My first thoughts were all tinged with a little surprise at myself. It’s not the sort of thing I expected myself to post. When I decided to start this blog, it was because I recognized the patterns my mind had been experiencing. Long, sustained periods of little to no energy/joy punctuated by moments of panic is a personal warning sign. My mind has never yet been as bad as it was during the worst of my college years, but I knew I was in a place from which a downward spiral was very possible. I also knew that the best recourse possible to me at the time was to give it something to stay busy. Hence the blog.

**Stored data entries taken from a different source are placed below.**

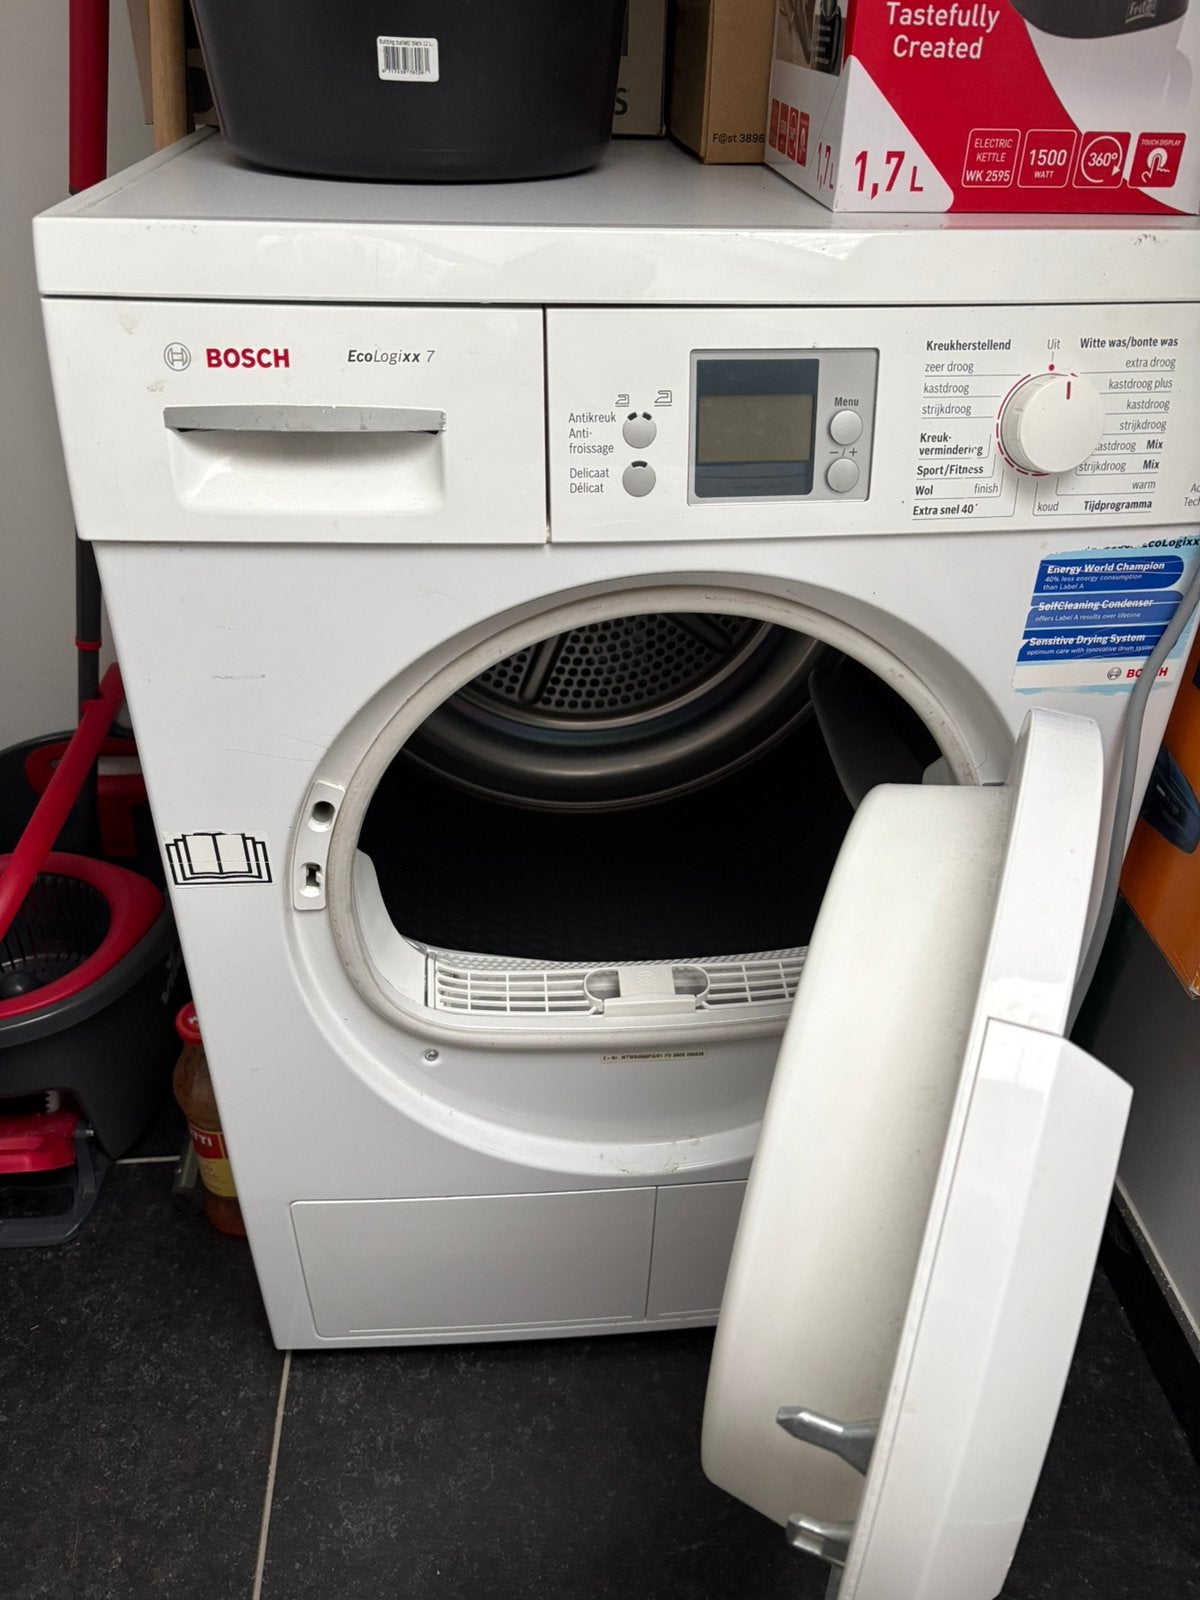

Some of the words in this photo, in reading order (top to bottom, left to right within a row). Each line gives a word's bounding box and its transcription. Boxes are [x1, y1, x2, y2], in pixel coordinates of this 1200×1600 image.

[886, 1, 1000, 33] Tastefully
[893, 34, 984, 59] Created
[713, 133, 737, 144] F@st
[739, 133, 765, 143] 3896
[974, 138, 1013, 148] ELECTRIC
[1141, 138, 1159, 146] TOUCH
[1159, 138, 1182, 147] DISPLAY
[976, 152, 1006, 162] KETTLE
[1029, 149, 1067, 166] 1500
[966, 170, 983, 181] WK
[985, 170, 1010, 182] 2595
[1034, 171, 1054, 179] WATT
[926, 339, 1011, 351] Kreukherstellend
[1047, 338, 1061, 350] Uit
[1080, 337, 1106, 349] Witte
[1108, 336, 1158, 349] was/bonte
[1160, 337, 1179, 347] was
[206, 348, 290, 368] BOSCH
[347, 349, 421, 365] EcoLogixx
[426, 350, 436, 363] 7
[1125, 358, 1149, 369] extra
[1149, 356, 1176, 370] droog
[925, 363, 945, 372] zeer
[947, 361, 974, 374] droog
[923, 382, 970, 395] kastdroog
[1108, 378, 1153, 391] kastdroog
[1153, 378, 1173, 391] plus
[834, 396, 859, 406] Menu
[1126, 399, 1170, 411] kastdroog
[921, 403, 972, 416] strijkdroog
[568, 411, 616, 423] Antikreuk
[1119, 419, 1167, 432] strijkdroog
[568, 428, 592, 438] Anti-
[920, 432, 952, 443] Kreuk-
[569, 442, 614, 455] froissage
[1094, 439, 1136, 453] astdroog
[1146, 439, 1163, 450] Mix
[917, 464, 984, 477] Sport/Fitness
[1078, 460, 1126, 473] strijkdroog
[1142, 459, 1160, 470] Mix
[569, 467, 610, 479] Delicaat
[569, 482, 604, 493] Délicat
[915, 485, 934, 495] Wol
[974, 483, 999, 494] finish
[1132, 480, 1156, 490] warm
[913, 505, 938, 516] Extra
[939, 504, 960, 515] snel
[1037, 501, 1059, 512] koud
[1083, 499, 1152, 513] Tijdprogramma
[1047, 565, 1082, 575] Energy
[1084, 562, 1114, 572] World
[1116, 561, 1165, 574] Champion
[1076, 575, 1098, 583] energy
[1100, 573, 1143, 582] consumption
[1038, 600, 1099, 611] SelfCleaning
[1102, 598, 1154, 610] Condenser
[1117, 611, 1142, 619] lifetime
[1029, 636, 1074, 647] Sensitive
[1076, 634, 1108, 645] Drying
[1110, 633, 1146, 643] System
[1086, 645, 1117, 653] innovative
[1118, 643, 1134, 651] drum
[1126, 666, 1168, 679] BOH

It was also weighing on my conscience that my perspectives had been changing rather significantly, and that I hadn’t really just plainly announced any changes. I don’t like feeling disingenuous or that I’m hiding something. So I decided to start the blog and briefly but clearly inform everyone that, yes, I have changed, so they didn’t have to wonder about it. But after that first post, I was planning on jumping right in to creative writing, social commentary, political opinions, whatever it was that my mind had been busy with. It was probably a bit naïve to think I could drop that first post without sticking around to do some further clarifying, but I guess I wasn’t thinking that far ahead.

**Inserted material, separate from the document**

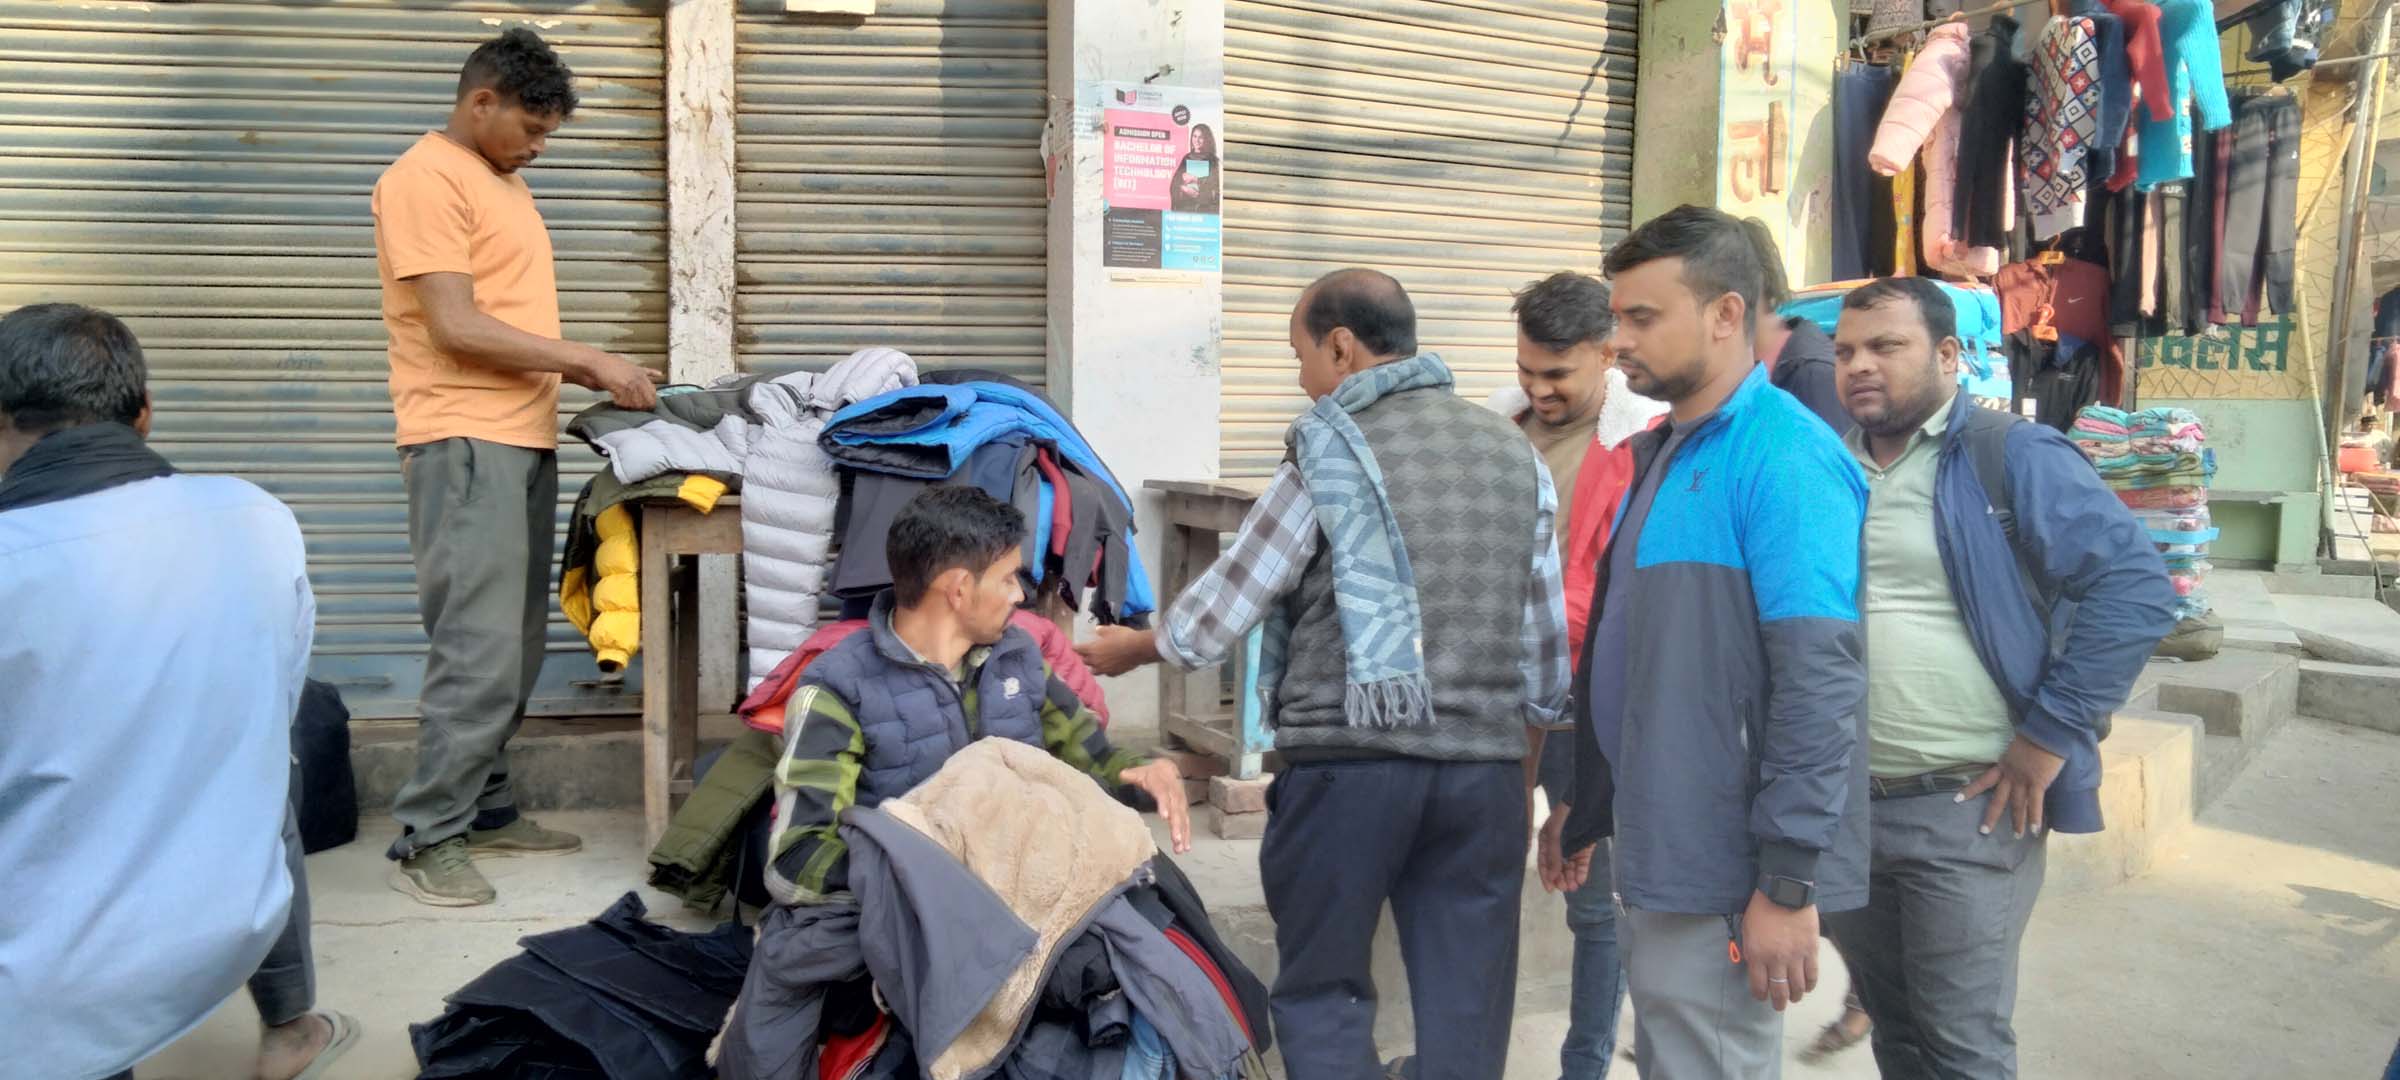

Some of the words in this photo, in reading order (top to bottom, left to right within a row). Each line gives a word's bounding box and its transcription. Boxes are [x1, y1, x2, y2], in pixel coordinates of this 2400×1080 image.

All that to say, when I sat down to write my second post, I didn’t originally intend for it to take the course it did. But I immediately found myself writing about hell, I let my thoughts take me where they would, and when I finished I posted it. I think it was something that I needed. Writing is therapeutic for me. When I give my brain a chance to think through my fingers, at the keyboard, it tends to access places I don’t usually go with my naked thoughts. And that can be a purgative experience. You can’t really get rid of unhealthy ways of thinking when they’re still too nebulous to hold in your hands. But when you force them out into the light to process and deal with them, you have more of a chance of kicking the bad parts to the curb.
The second thing that surprised me about the post is the nature of the reactions. There have been many, a few not very nice but many overwhelmingly positive. It’s been a truly healing experience for me to share the dark, uncomfortable places of my psyche, that I’ve always assumed would drive everyone away if they knew about them, and to find much more love and support than judgment or hate.

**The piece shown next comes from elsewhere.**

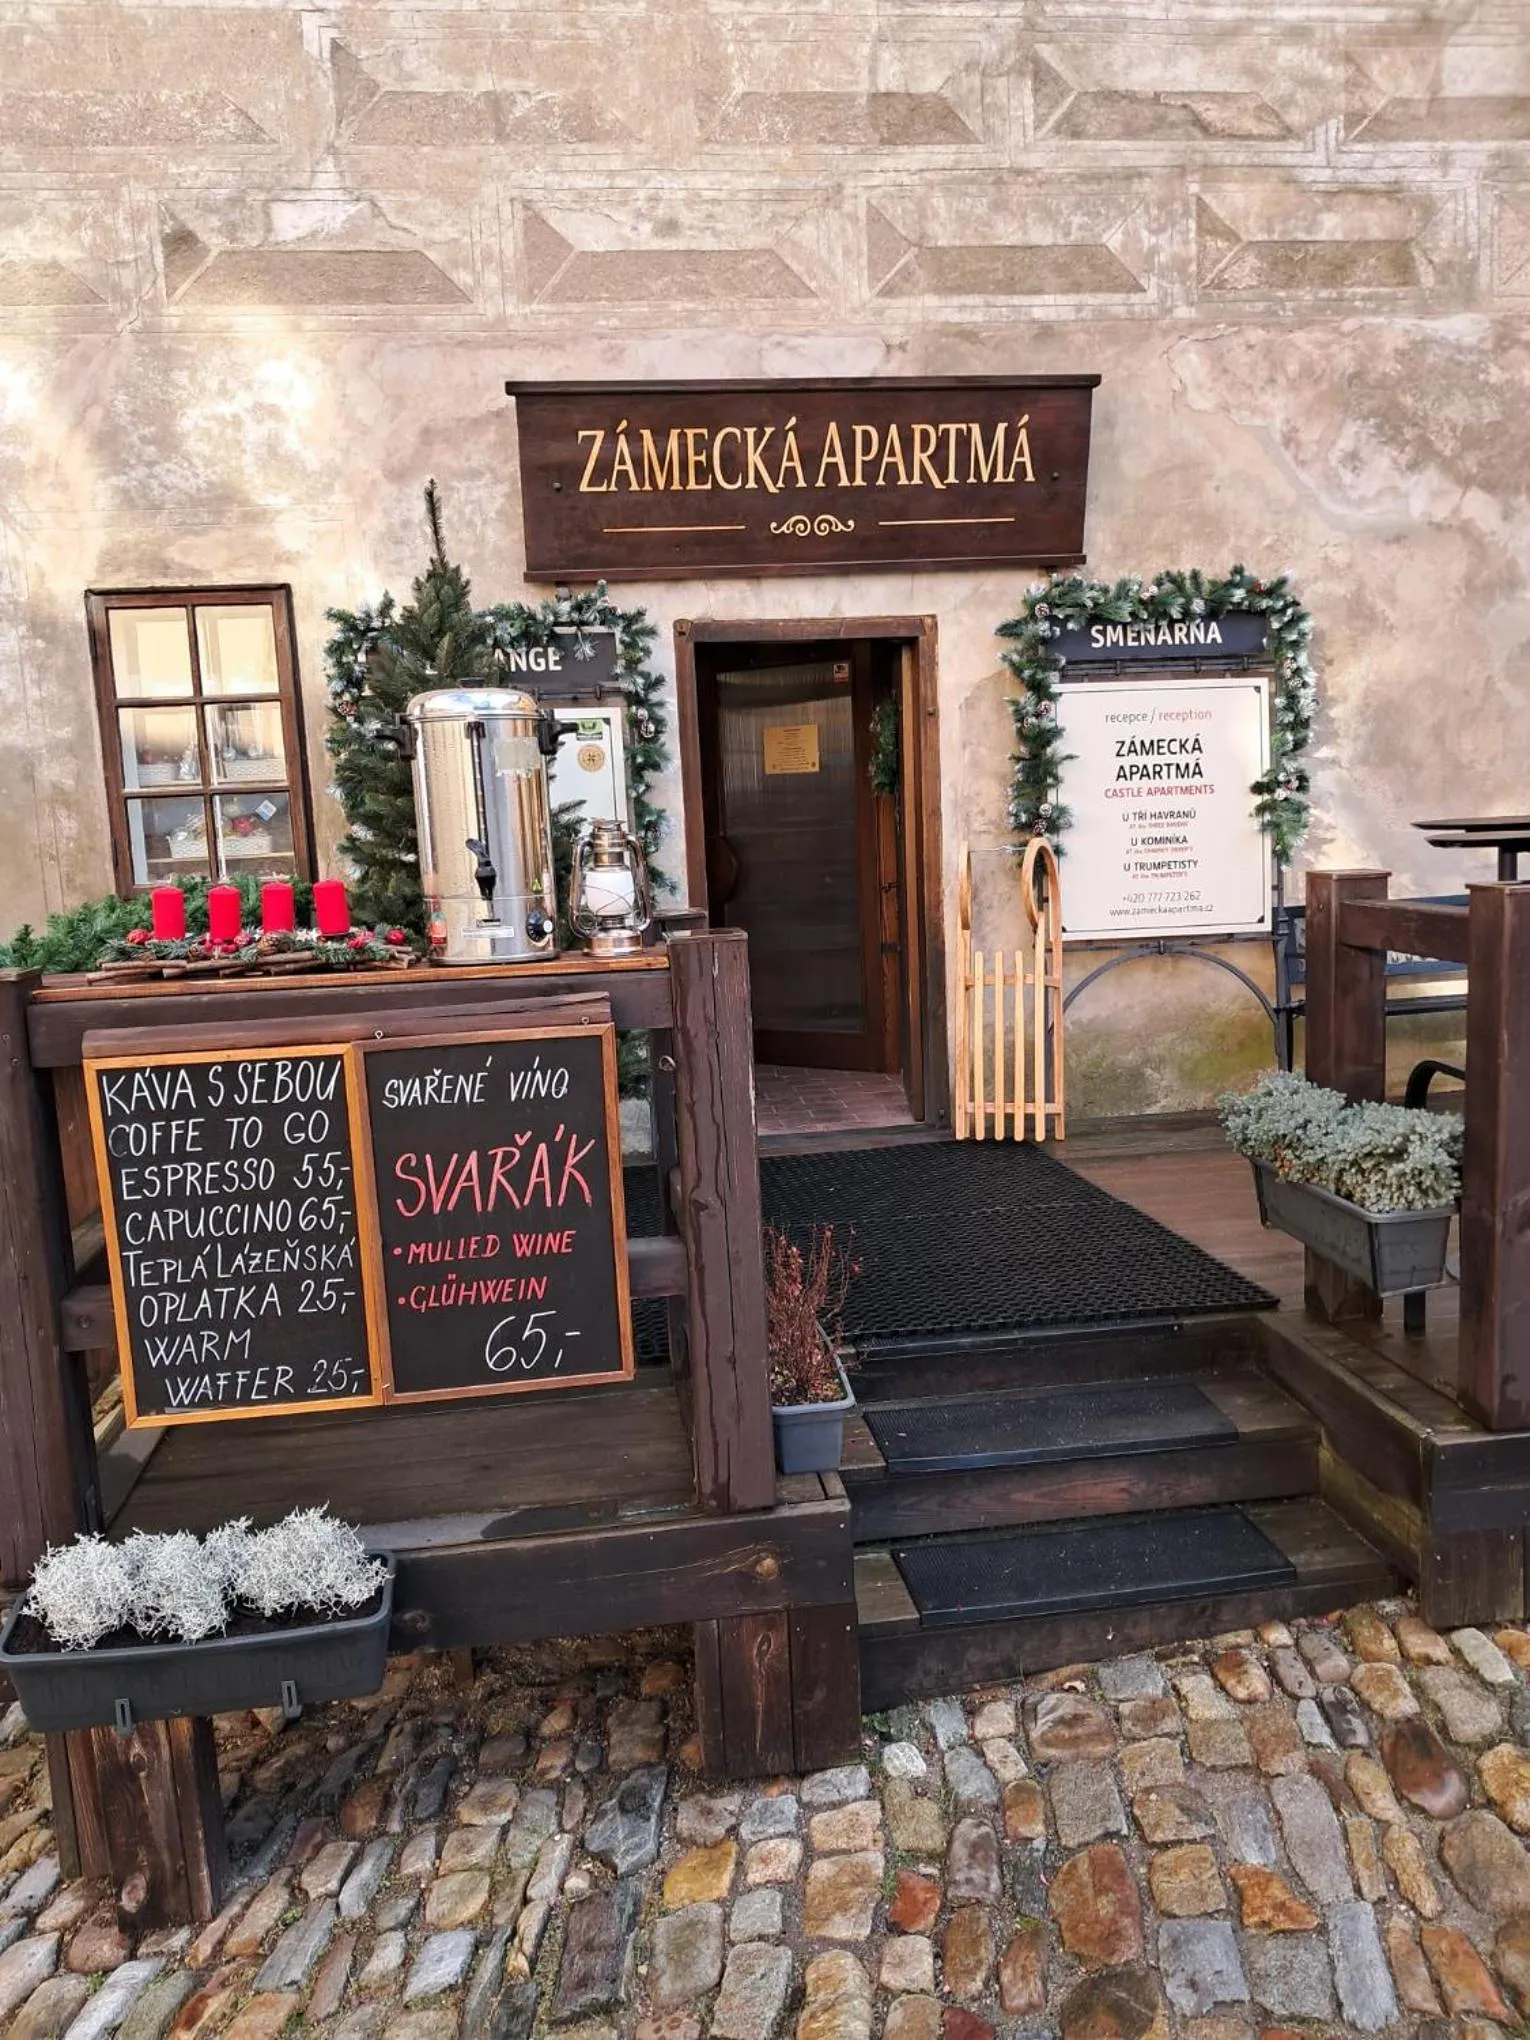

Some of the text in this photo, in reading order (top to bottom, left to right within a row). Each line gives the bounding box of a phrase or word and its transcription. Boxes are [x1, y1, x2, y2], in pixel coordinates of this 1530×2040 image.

I’ve also discovered that both the “good” and the “bad” reactions are good for me. Those in support have given me very deep comfort and relief. Those against have given me the opportunity to clarify and explain myself further. They’ve helped prevent my needlessly offending someone because I stated something in an unintentionally misleading way. And they’ve also helped to further shape my opinions on some things.
So I guess I’ll keep pursuing this more personal side of the blog for a while. It’s already been helpful for me to realize that, although I’ve always been strong enough to survive on my own, maybe I don’t have to. Maybe there really are others out there who have shared my experiences or who can accept me without judging. And maybe there are still others out there who feel like they are alone because of the experiences they’ve been through. Maybe I could help someone else see that others can accept them, too, no matter what they’ve been through. Because I don’t think any human should ever have to feel so utterly alone.